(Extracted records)
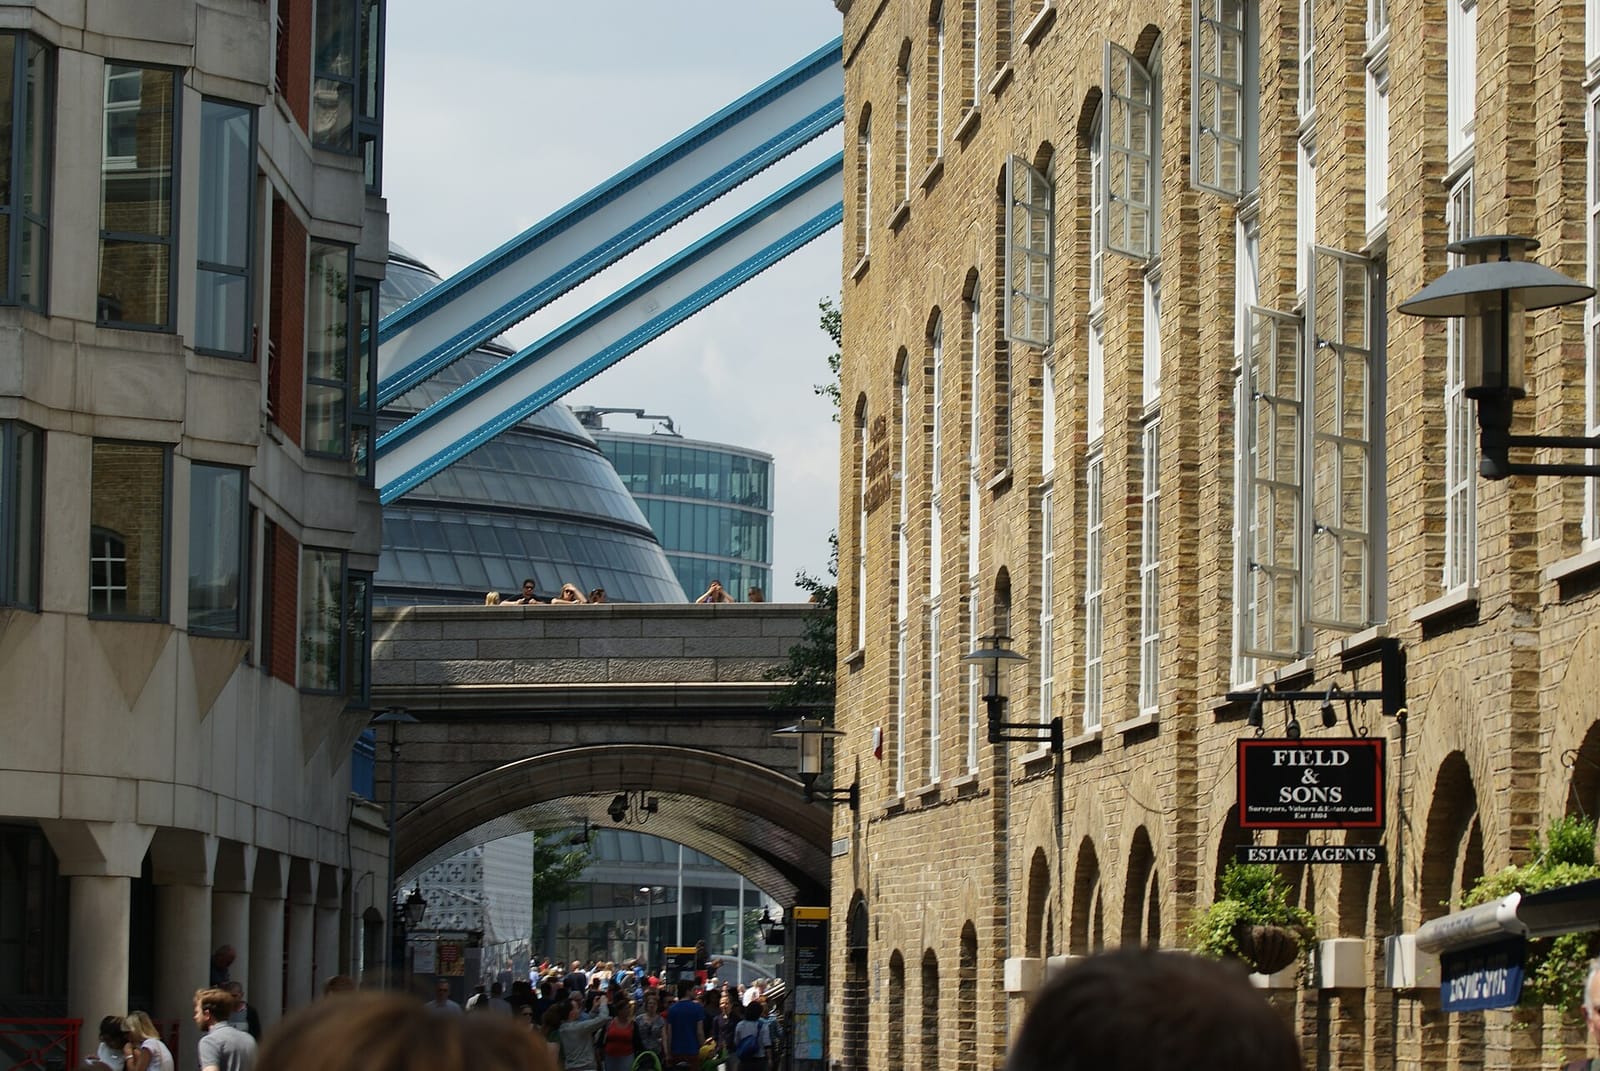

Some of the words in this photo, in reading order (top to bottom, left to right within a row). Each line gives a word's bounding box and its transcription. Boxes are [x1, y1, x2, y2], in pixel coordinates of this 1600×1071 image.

[1272, 750, 1350, 766] FIELD
[1301, 768, 1320, 784] &
[1279, 786, 1342, 803] SONS
[1248, 805, 1287, 814] Surveyors,
[1348, 805, 1373, 813] Agents
[1247, 848, 1307, 861] ESTATE
[1310, 848, 1376, 861] AGENTS
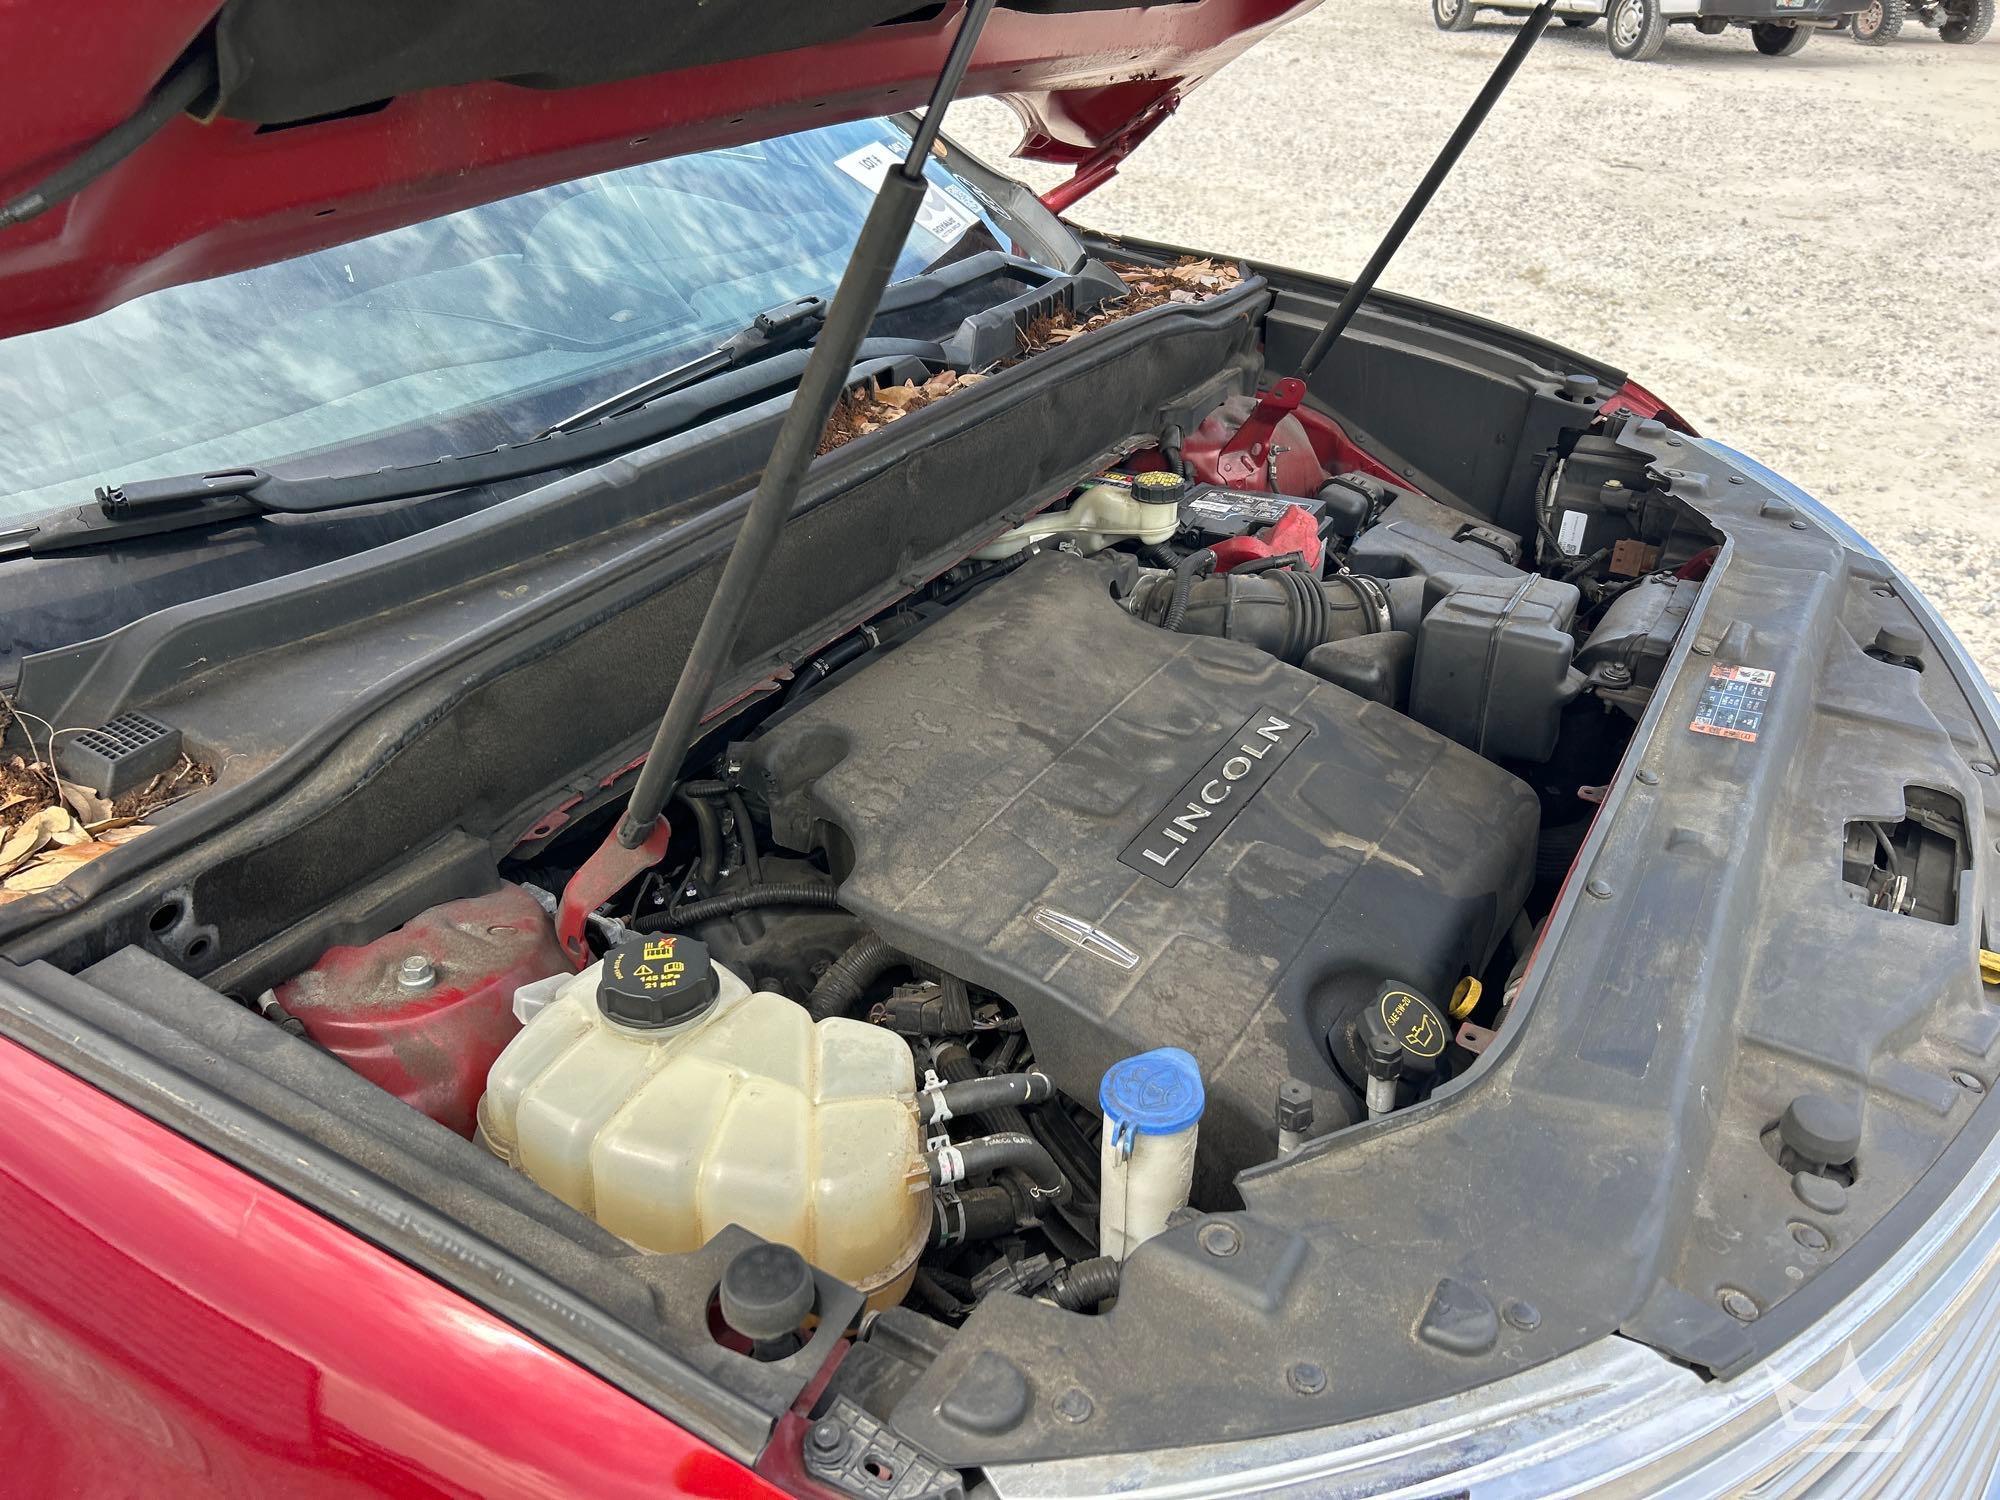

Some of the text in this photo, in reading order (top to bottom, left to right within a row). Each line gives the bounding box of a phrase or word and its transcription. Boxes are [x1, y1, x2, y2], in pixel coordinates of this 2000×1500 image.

[1142, 715, 1292, 866] LINCOLN
[660, 980, 676, 988] psi
[1388, 996, 1411, 1026] SAE 5W-20

--- Activity ---
Please output every entry above exactly, without the pictures.

--- Task solution ---
Some of the words in this photo, in reading order (top to bottom, left to right within a row). Each line gives a word's bounding box and its transcription. Boxes are [x1, y1, x2, y2], in pixel coordinates of this 1600×1071 image.

[1272, 750, 1350, 766] FIELD
[1301, 768, 1320, 784] &
[1279, 786, 1342, 803] SONS
[1248, 805, 1287, 814] Surveyors,
[1348, 805, 1373, 813] Agents
[1247, 848, 1307, 861] ESTATE
[1310, 848, 1376, 861] AGENTS

Some of the text in this photo, in reading order (top to bottom, left to right within a row). Each line gives the bounding box of a phrase or word and its transcription. Boxes are [x1, y1, x2, y2], in pixel coordinates of this 2000×1500 image.

[1142, 715, 1292, 866] LINCOLN
[660, 980, 676, 988] psi
[1388, 996, 1411, 1026] SAE 5W-20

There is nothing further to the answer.